Microsoft scrambles to explain prototype 'white space' device failure

It could be a single malfunctioning power supply. Or, from the other side of the glass, it could be a portent of doom for a technology that would make good use of all those TV channels that no one's broadcasting on, for wireless networking.

One of two prototype devices assembled on Microsoft's behalf for the US Federal Communications Commission for testing the ability to select wireless networking frequencies that don't interfere with TV signals, failed on account of a recurring power problem, three Microsoft sources confirmed to BetaNews today.

That failure alone has prompted the National Association of Broadcasters to proclaim the entire technology isn't worth pursuing.

"By failing two out of two tests at the FCC, Microsoft and the Wireless Innovation Alliance have demonstrated that unlicensed devices are not ready for prime time," stated NAB Executive Vice President Dennis Wharton this morning. "This admission by 'white space' proponents vindicates beyond doubt the interference concerns expressed by broadcasters, sports leagues, wireless microphone companies and theater operators. Completing a successful transition to digital television ought not to be jeopardized by introducing risky technology that has proven to be unworkable."

The alliance to which Wharton referred is a coalition of manufacturers, software companies, and advocates, including Microsoft, Dell, HP, Google, and Public Knowledge, who could all stand to gain from the creation of a national standard for so-called white space devices -- wireless transmitters that detect where TV channels aren't in use, and utilize that unused space for data transmission. What the FCC wants to test is the viability of the concept: Can any device be relied upon to detect "white space" for itself?

In a statement this afternoon, the Alliance proclaimed the Microsoft test a success. But that same statement, attributed to spokesperson Brian Peters, also included some cryptic remarks that didn't appear to have much to do with the subject at hand.

"It is a shame that the NAB has resorted to scare tactics instead of the facts," Peters stated, "but perhaps that is because the facts are not on its side. Nobody is talking about wrecking Spamalot or the New York Knicks, and no one would want to. That is precisely why we have a very experienced federal agency in charge of authorizing new devices only if they meet rigorous standards of interference protection."

Peters went on to say that the UK's counterpart to the FCC has already cleared white space devices for use there, and as a result, "soccer games and the Spice Girls continue unharmed."
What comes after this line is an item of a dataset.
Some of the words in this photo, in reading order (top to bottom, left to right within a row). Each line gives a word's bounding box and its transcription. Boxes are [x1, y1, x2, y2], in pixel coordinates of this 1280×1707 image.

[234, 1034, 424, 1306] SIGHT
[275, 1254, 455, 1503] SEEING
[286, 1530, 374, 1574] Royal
While one side proclaimed the tests an absolute wreck and the other side applauded its success along with that of Monty Python and an NBA team, Microsoft acknowledged one of its two prototype devices actually did fail, but not both as the NAB claimed, in a statement to BetaNews this afternoon.

"Microsoft is pleased that the FCC continues to work towards concluding its testing of white spaces devices. In support of that effort, we have provided the FCC with two test devices designed and manufactured for Microsoft by Metric Systems Corp.," the spokesperson told us.
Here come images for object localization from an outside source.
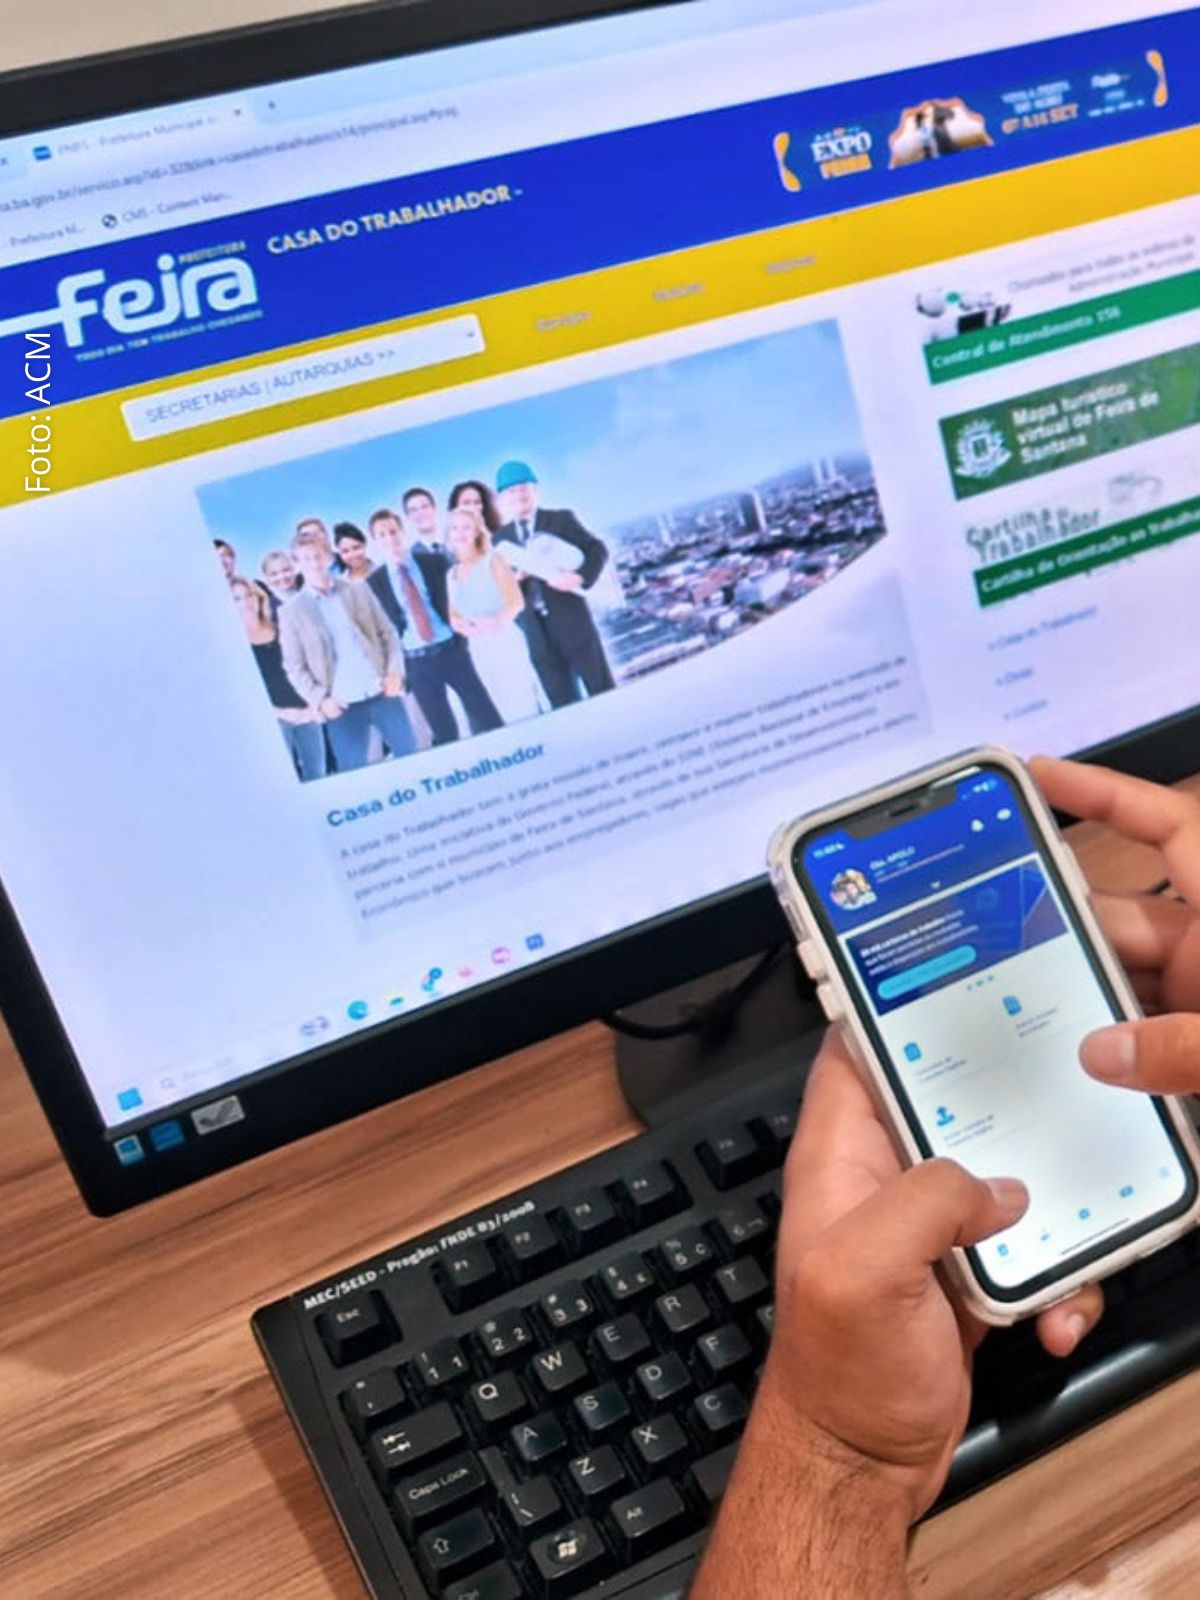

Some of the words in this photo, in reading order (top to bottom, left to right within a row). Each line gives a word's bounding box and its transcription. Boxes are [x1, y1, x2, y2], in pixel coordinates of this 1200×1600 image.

[811, 132, 871, 163] EXPO
[266, 228, 323, 255] CASA
[325, 219, 358, 241] DO
[359, 186, 511, 232] TRABALHADOR
[57, 254, 259, 348] feira
[931, 345, 984, 369] Central
[146, 384, 261, 421] SECRETARIAS
[272, 354, 373, 388] AUTARQUIAS
[1011, 401, 1058, 428] Mapa
[1016, 417, 1069, 445] virtual
[1071, 408, 1093, 428] de
[1094, 397, 1136, 420] Feira
[1137, 388, 1159, 409] de
[1019, 431, 1087, 464] Santana
[979, 566, 1035, 593] Cartilha
[1036, 558, 1055, 574] de
[1129, 529, 1146, 541] ao
[326, 797, 383, 828] Casa
[388, 785, 416, 806] do
[420, 742, 545, 794] Trabalhador
[303, 1269, 377, 1310] MEC/SEED
[440, 1226, 476, 1249] FNDE
[453, 1260, 469, 1272] F1
[723, 1267, 737, 1282] T
[663, 1295, 682, 1313] R
[336, 1308, 360, 1323] Esc
[602, 1325, 621, 1343] E
[704, 1335, 720, 1351] F
[540, 1352, 564, 1374] W
[645, 1365, 663, 1381] D
[478, 1383, 498, 1400] Q
[582, 1395, 600, 1410] S
[703, 1394, 722, 1411] C
[522, 1426, 539, 1443] A
[638, 1426, 660, 1444] X
[576, 1456, 596, 1476] Z
[408, 1480, 440, 1500] Caps
[440, 1467, 469, 1487] Lock
[626, 1506, 643, 1521] Alt
"After continual testing, one of the two test devices experienced an apparent power issue. Testing at the FCC will continue with the primary Microsoft device and we are committed to providing the Commission with any further assistance it needs to complete testing successfully. We remain confident in the technology and look forward to the conclusion of the FCC's testing process which will expand broadband Internet access in underserved areas and enable a new wave of broadband devices and services."

Previous FCC tests of a device submitted by the White Spaces Coalition -- which Microsoft also supports -- failed last July. The Coalition and the Wireless Innovation Alliance are separate groups, and it was the FCC's test of the Coalition's submitted device that failed, not a device from the Alliance as the NAB statement had implied.

According to the FCC, the characteristics it's most interested in are the test devices' wireless microphones' capability to detect a digital television (DTV) signal under a variety of simulated real-world circumstances. Microsoft is arguing that it's not the microphones or detectors in one of its prototypes that failed, so the power failure shouldn't impact the FCC's findings.

But in stating its own rules for the test (PDF available here), the FCC gave itself lee way to evaluate other aspects of these prototypes that may be subject to failure in any given situation. "In order to prepare for field tests at events or other venues where Part 74 wireless microphones are in actual use," reads the FCC's Phase II test plan, "simulated tests will be conducted at the Laboratory facility using the available buildings and grounds. Tests will be performed in several different scenarios to obtain a sense of what to expect at 'real world' sites and to resolve any problems that are revealed that may occur at a 'real world' site."

And one such problem could be a power failure. But as a participant in the test itself told BetaNews this afternoon, the part that failed would never actually be used in a real-world white space device.